Laatst zag ik voor de zoveelste keer een reportage over het conflict tussen Israël en de Palestijnen, dit keer ging het (weer) over het bouwen van nederzettingen op de Westelijke Jordaanoever tegen de afspraken in. Een beeld waar maar geen einde aan lijkt te komen, om moedeloos van te worden. Sinds het boek ‘Het zijn net mensen’ van Joris Luyendijk weet ik echter dat de media ons vooral díe beelden voorschotelt die ons bestaande beeld bevestigen, want positieve berichten verkopen minder. Dus krijgen we vooral dat te zien wat we blijkbaar willen zien.

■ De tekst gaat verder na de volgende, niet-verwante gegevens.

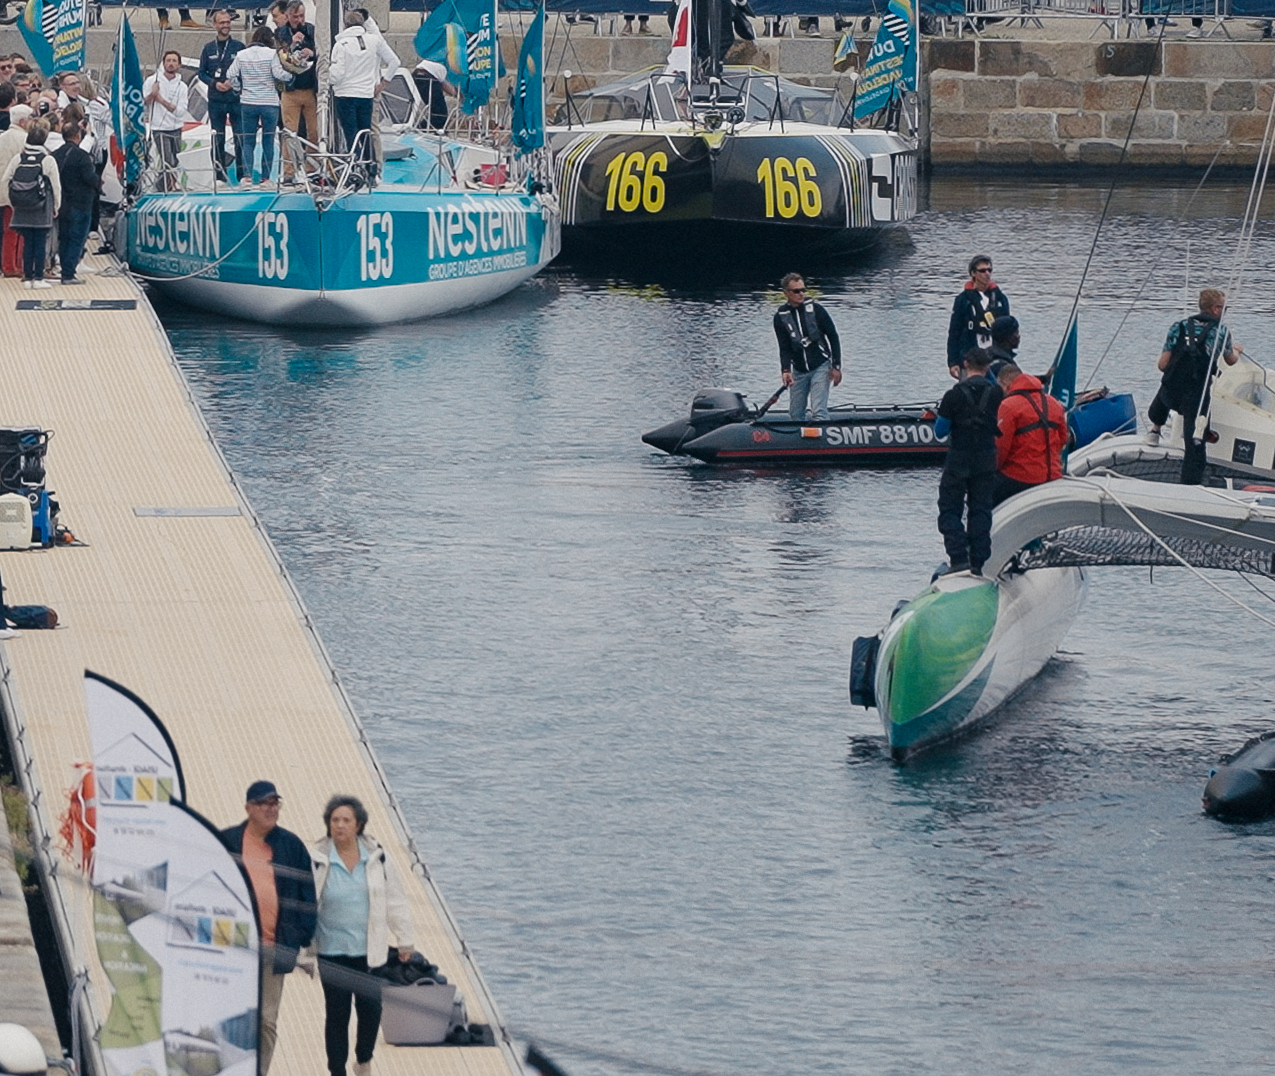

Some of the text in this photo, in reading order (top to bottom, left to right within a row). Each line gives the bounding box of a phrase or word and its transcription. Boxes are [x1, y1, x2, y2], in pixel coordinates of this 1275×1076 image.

[605, 151, 668, 214] 166
[757, 156, 823, 219] 166
[255, 212, 290, 281] 153
[356, 212, 394, 282] 153
[826, 425, 878, 445] SMF

Verderop in de reportage wordt de Palestijnse oud minister-president gevraagd om te reageren op deze laatste ontwikkeling. Wat mij opvalt is dat hij zich niet keert of verzet tégen Israël, maar steeds spreekt over wat de Palestijnen zélf kunnen doen. Hij klinkt bevlogen en vastberaden en gelooft in de mogelijkheid van een vreedzame en onafhankelijke Palestijnse staat, een samenleving waarin openheid, gelijkheid, eerlijkheid en ontvankelijkheid voor de behoefte van mensen centraal staan. En dat dit niet van Israël afhangt.

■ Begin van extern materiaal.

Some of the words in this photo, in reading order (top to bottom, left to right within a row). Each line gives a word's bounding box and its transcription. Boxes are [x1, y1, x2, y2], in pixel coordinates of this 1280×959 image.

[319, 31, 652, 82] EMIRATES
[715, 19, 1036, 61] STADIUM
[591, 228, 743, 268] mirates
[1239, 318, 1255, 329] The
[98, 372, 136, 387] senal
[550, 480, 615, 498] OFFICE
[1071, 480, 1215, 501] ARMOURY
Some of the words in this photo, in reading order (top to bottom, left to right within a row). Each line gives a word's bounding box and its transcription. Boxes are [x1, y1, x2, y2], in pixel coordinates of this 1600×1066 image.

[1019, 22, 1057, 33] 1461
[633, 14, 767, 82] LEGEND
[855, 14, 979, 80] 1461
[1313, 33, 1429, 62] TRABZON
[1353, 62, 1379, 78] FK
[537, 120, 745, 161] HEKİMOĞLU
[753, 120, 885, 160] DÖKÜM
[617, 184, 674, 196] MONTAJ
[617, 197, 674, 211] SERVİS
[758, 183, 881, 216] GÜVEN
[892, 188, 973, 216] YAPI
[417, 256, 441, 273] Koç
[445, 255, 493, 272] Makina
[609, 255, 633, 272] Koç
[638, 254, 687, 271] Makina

Hij klinkt niet naïef, of ‘tegen beter weten in’, en het is ook geen lege retoriek. Het is alsof de muur in hemzelf al gevallen is, alsof het vrije Palestina in hem zelf al bestaat, en dat het enkel een kwestie van tijd is voordat het ook in de werkelijkheid gerealiseerd gaat worden. Tot slot van het interview refereert hij aan de val van de Berlijnse muur die ook niemand had verwacht, en hij zegt daarbij veelbetekenend: ‘Je weet het nooit, zulke dingen gebeuren’.
Ik vind het een mooi beeld van iemand die te midden van grote krachten, want het is daar nogal een wespennest, zich werkelijk vrij lijkt te hebben gemaakt van de reactiviteit van dit slepende conflict. En daarin het geloof in zichzelf en zijn mensen heeft behouden of teruggevonden. Een archetypisch beeld haast, wat nog meer zeggingskracht krijgt als je het dichter bij huis haalt, en bijvoorbeeld vertaalt naar jezelf in het krachtenveld van een organisatie. Ook daar kun je moedeloos worden van het politieke spel en de taaie cultuur die in organisaties een rol kan spelen. Ook daar lijkt soms geen einde aan te komen aan de muren die er tussen mensen lijken te staan. En ook daar rijst de vraag hoe je vrij kunt blijven en het geloof in jezelf behoudt.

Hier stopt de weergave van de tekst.